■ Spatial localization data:

********

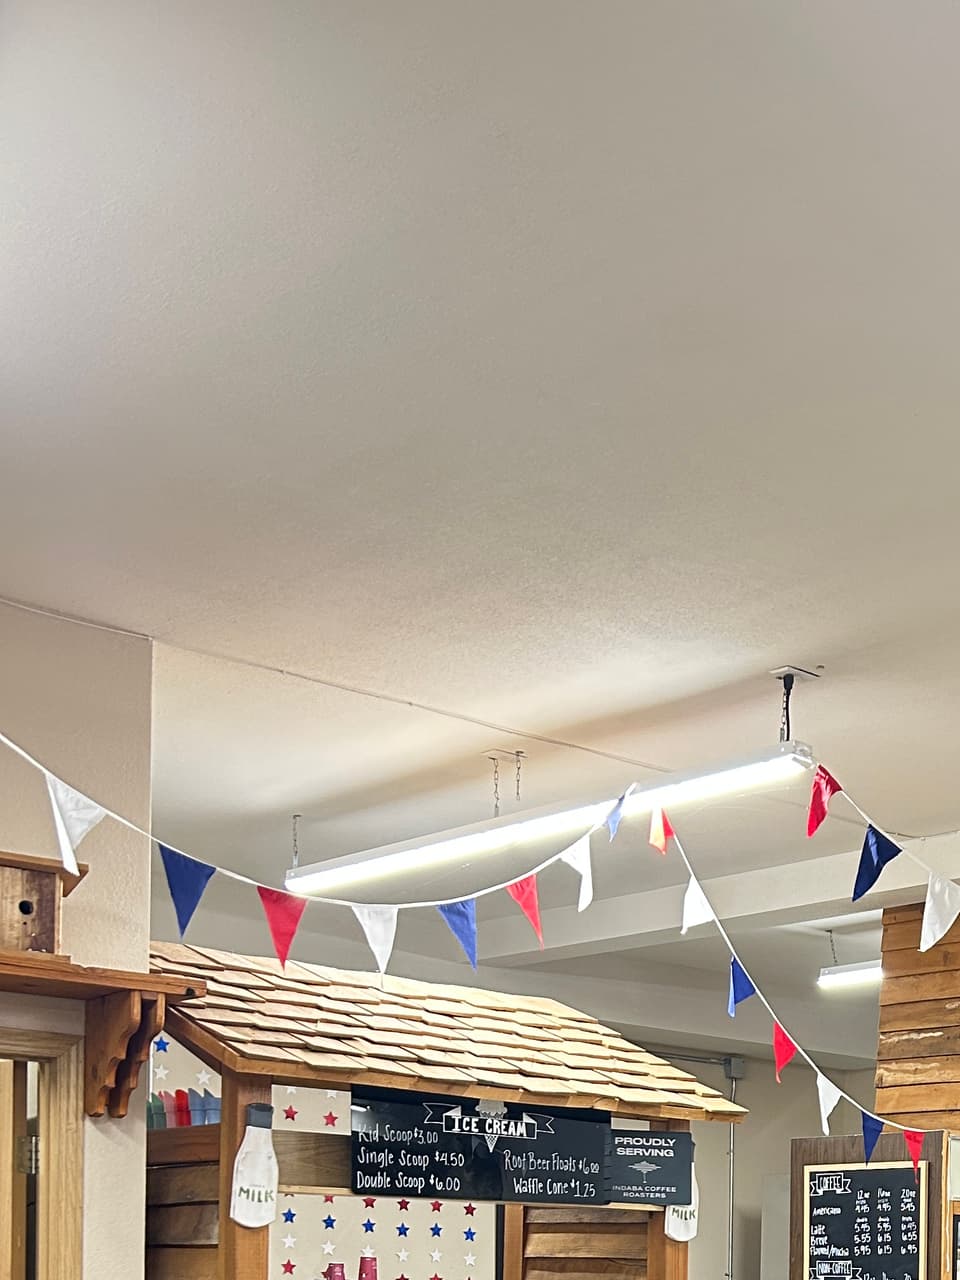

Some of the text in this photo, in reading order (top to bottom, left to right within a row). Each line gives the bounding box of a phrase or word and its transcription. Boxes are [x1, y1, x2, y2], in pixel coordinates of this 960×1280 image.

[358, 1123, 439, 1145] Kid Scoop $3.00
[452, 1116, 527, 1137] ICE CREAM
[615, 1136, 676, 1147] PROUDLY
[357, 1147, 465, 1171] Single Scoop $4.50
[617, 1147, 674, 1157] SERVING
[504, 1150, 526, 1171] Root
[529, 1152, 549, 1171] Beer
[552, 1153, 576, 1172] Floats
[357, 1171, 460, 1194] Double Scoop $6.00
[513, 1177, 543, 1194] Waffle
[547, 1178, 569, 1195] Cone
[819, 1175, 841, 1189] COFFEE
[238, 1187, 274, 1203] MILK
[623, 1191, 667, 1199] ROASTERS
[672, 1207, 696, 1220] MILK

********

■ WHAT YOU HAVE TO DO: Reproduce the lines above exactly, please, but not the pictures in them.

■ ANSWER SPACE:
Some of the text in this photo, in reading order (top to bottom, left to right within a row). Each line gives the bounding box of a phrase or word and its transcription. Boxes are [x1, y1, x2, y2], in pixel coordinates of this 960×1280 image.

[358, 1123, 439, 1145] Kid Scoop $3.00
[452, 1116, 527, 1137] ICE CREAM
[615, 1136, 676, 1147] PROUDLY
[357, 1147, 465, 1171] Single Scoop $4.50
[617, 1147, 674, 1157] SERVING
[504, 1150, 526, 1171] Root
[529, 1152, 549, 1171] Beer
[552, 1153, 576, 1172] Floats
[357, 1171, 460, 1194] Double Scoop $6.00
[513, 1177, 543, 1194] Waffle
[547, 1178, 569, 1195] Cone
[819, 1175, 841, 1189] COFFEE
[238, 1187, 274, 1203] MILK
[623, 1191, 667, 1199] ROASTERS
[672, 1207, 696, 1220] MILK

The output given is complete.